Anyone seeing lockups/freezes? I have a very simple setup running in AP mode and I disabled most non-essential services (dns, dhcp, firewall, ...) But I just found it frozen, wifi lights solid, but no wifi connections. The switch was still alive as I could ping between devices attached to it, but could not ssh to the AP via the wired ports. I had to power cycle. Not sure whether there are any crash logs, dmesg is gone after a reboot.

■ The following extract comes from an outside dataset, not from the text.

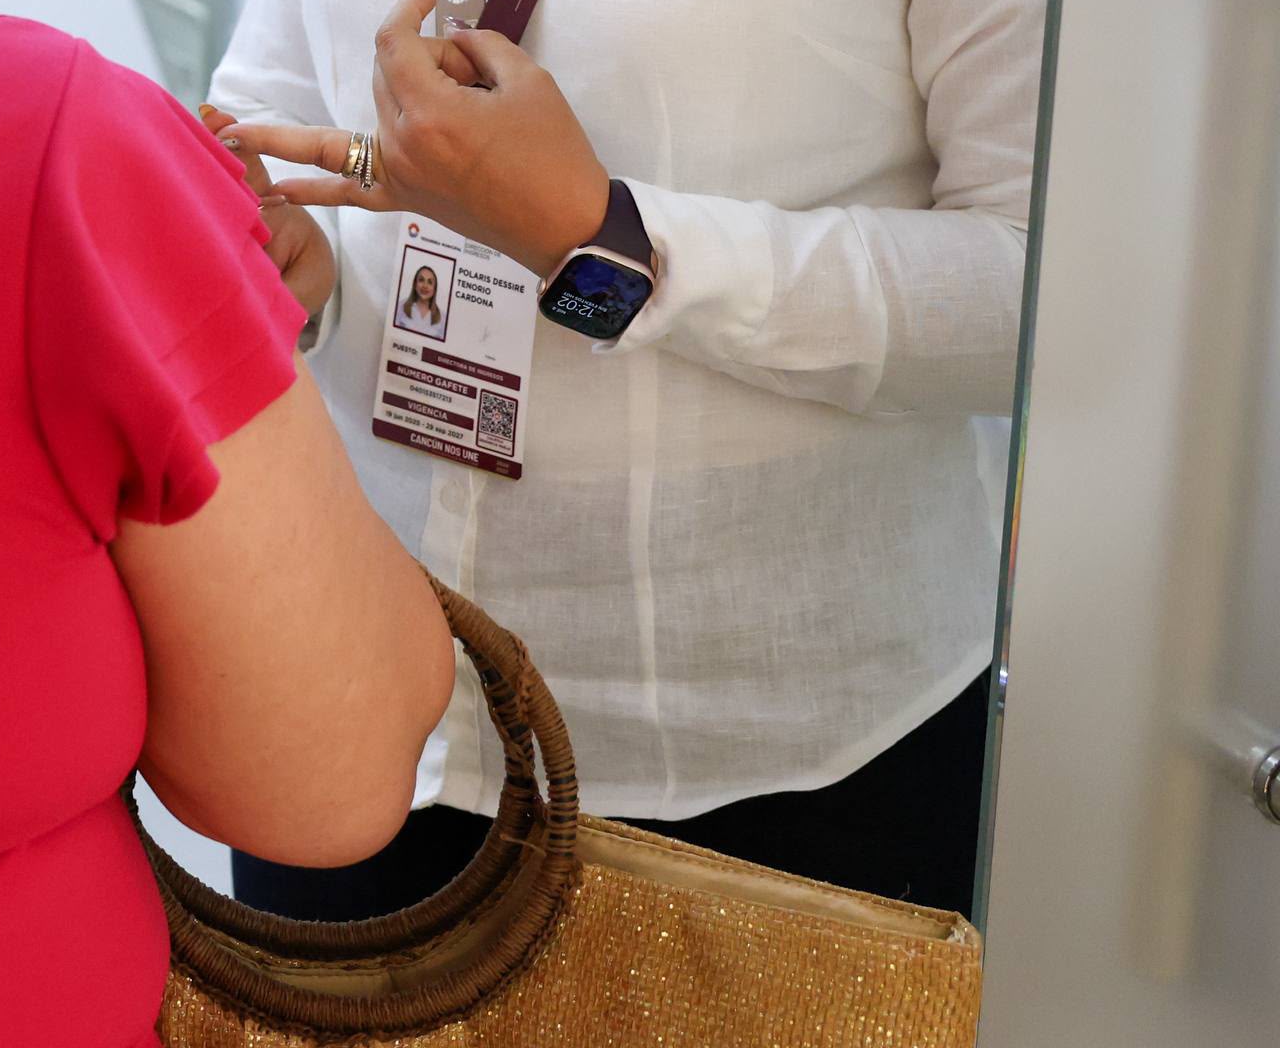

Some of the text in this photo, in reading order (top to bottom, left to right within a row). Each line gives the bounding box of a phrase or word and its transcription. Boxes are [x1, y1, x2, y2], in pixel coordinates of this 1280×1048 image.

Is it overheating? Could also be a faulty power supply.

Temperature looks stable 50-53C and it doesn't feel hot and not getting a lot of traffic either. I hope it's not a hardware issue.

I see this crash in the log but it seems to recover from it, or maybe not always?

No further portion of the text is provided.